Armstong fell in love with flying at the age of 2 when his father took him to the Cleveland Air Races. The Eagle Scout would learn to fly at the Wapakoneta airfield, earning his flight certificate on his 16th birthday, before even getting his driver's license.   

Armstrong went on to serve during the Korean War as a Navy fighter pilot, flying 78 missions and earning two gold stars, the Air Medal for combat and other awards.  After the war, he served in the Naval Reserve for eight years before returning to college to finish his degree.
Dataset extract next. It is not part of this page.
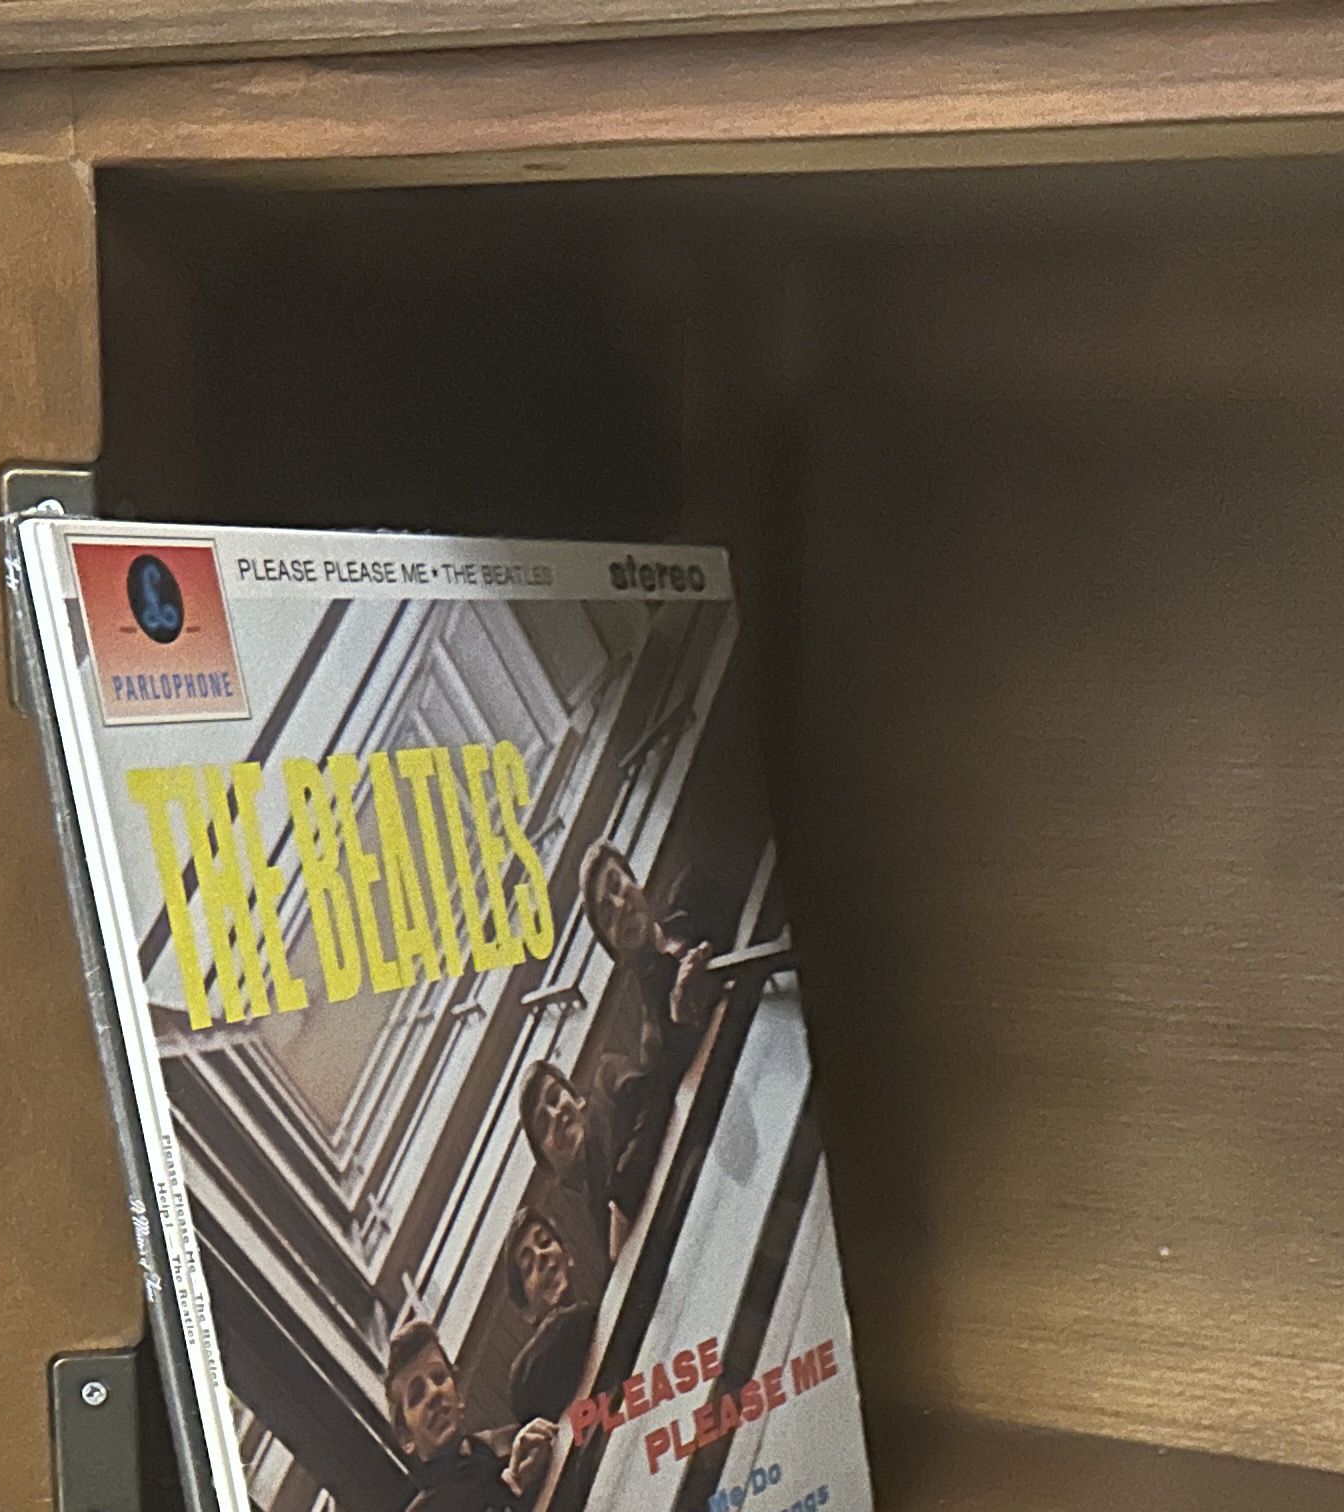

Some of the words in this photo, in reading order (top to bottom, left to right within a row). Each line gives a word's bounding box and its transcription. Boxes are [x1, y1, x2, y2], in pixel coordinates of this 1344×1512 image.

Following graduation, Armstrong became an experimental research test pilot at the Lewis Flight Propulsion Laboratory in Cleveland before moving to Edwards Air Force Base in California. As a NASA civilian test pilot, he was ineligible to become one of its Mercury 7 astronauts, as selection was restricted to military test pilots. But Armstrong was selected for NASA’s "New Nine" in 1962.  He flew aboard Gemini 8, performing the first successful docking of two vehicles in space. Armstrong made history again when he became the first person to walk on the moon aboard Apollo 11, delivering the famous words "That's one small step for [a] man, one giant leap for mankind” on July 21, 1969.

Shortly after Apollo 11, Armstrong announced that he did not plan to fly in space again and accepted a teaching position in the Department of Aerospace Engineering at the University of Cincinnati.

Armstrong received many honors and awards, including the Presidential Medal of Freedom, the NASA Distinguished Service Medal and the Congressional Space Medal of Honor.